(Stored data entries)
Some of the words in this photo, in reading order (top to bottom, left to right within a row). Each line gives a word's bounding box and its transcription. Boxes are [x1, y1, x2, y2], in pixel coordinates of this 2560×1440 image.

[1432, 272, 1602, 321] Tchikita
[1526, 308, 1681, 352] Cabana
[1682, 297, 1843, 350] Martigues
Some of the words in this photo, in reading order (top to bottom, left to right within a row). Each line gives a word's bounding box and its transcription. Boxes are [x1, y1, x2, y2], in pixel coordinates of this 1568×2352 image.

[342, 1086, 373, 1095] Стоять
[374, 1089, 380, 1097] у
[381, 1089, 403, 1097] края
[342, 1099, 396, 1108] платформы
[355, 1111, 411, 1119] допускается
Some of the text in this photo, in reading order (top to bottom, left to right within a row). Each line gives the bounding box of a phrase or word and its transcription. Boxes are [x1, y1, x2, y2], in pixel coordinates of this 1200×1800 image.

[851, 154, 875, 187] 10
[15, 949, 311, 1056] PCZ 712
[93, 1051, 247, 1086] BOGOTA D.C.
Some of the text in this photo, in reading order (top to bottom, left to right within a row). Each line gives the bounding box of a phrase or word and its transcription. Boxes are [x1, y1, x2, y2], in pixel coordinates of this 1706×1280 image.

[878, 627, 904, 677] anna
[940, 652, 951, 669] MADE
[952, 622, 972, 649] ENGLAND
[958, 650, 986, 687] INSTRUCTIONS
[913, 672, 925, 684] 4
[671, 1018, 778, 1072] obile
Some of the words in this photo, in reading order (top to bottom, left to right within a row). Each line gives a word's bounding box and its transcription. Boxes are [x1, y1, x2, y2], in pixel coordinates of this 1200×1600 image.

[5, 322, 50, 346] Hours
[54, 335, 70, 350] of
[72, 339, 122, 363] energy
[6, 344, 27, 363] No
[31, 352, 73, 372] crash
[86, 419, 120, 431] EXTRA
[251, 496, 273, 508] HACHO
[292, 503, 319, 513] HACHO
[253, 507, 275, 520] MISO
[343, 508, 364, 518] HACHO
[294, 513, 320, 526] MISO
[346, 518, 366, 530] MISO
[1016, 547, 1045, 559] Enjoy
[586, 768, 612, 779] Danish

Task item:
Copy out all of the data exactly, leaving nothing out.

Solution for this problem:
Some of the words in this photo, in reading order (top to bottom, left to right within a row). Each line gives a word's bounding box and its transcription. Boxes are [x1, y1, x2, y2], in pixel coordinates of this 2560×1440 image.

[1432, 272, 1602, 321] Tchikita
[1526, 308, 1681, 352] Cabana
[1682, 297, 1843, 350] Martigues
Some of the words in this photo, in reading order (top to bottom, left to right within a row). Each line gives a word's bounding box and its transcription. Boxes are [x1, y1, x2, y2], in pixel coordinates of this 1568×2352 image.

[342, 1086, 373, 1095] Стоять
[374, 1089, 380, 1097] у
[381, 1089, 403, 1097] края
[342, 1099, 396, 1108] платформы
[355, 1111, 411, 1119] допускается
Some of the text in this photo, in reading order (top to bottom, left to right within a row). Each line gives the bounding box of a phrase or word and its transcription. Boxes are [x1, y1, x2, y2], in pixel coordinates of this 1200×1800 image.

[851, 154, 875, 187] 10
[15, 949, 311, 1056] PCZ 712
[93, 1051, 247, 1086] BOGOTA D.C.
Some of the text in this photo, in reading order (top to bottom, left to right within a row). Each line gives the bounding box of a phrase or word and its transcription. Boxes are [x1, y1, x2, y2], in pixel coordinates of this 1706×1280 image.

[878, 627, 904, 677] anna
[940, 652, 951, 669] MADE
[952, 622, 972, 649] ENGLAND
[958, 650, 986, 687] INSTRUCTIONS
[913, 672, 925, 684] 4
[671, 1018, 778, 1072] obile
Some of the words in this photo, in reading order (top to bottom, left to right within a row). Each line gives a word's bounding box and its transcription. Boxes are [x1, y1, x2, y2], in pixel coordinates of this 1200×1600 image.

[5, 322, 50, 346] Hours
[54, 335, 70, 350] of
[72, 339, 122, 363] energy
[6, 344, 27, 363] No
[31, 352, 73, 372] crash
[86, 419, 120, 431] EXTRA
[251, 496, 273, 508] HACHO
[292, 503, 319, 513] HACHO
[253, 507, 275, 520] MISO
[343, 508, 364, 518] HACHO
[294, 513, 320, 526] MISO
[346, 518, 366, 530] MISO
[1016, 547, 1045, 559] Enjoy
[586, 768, 612, 779] Danish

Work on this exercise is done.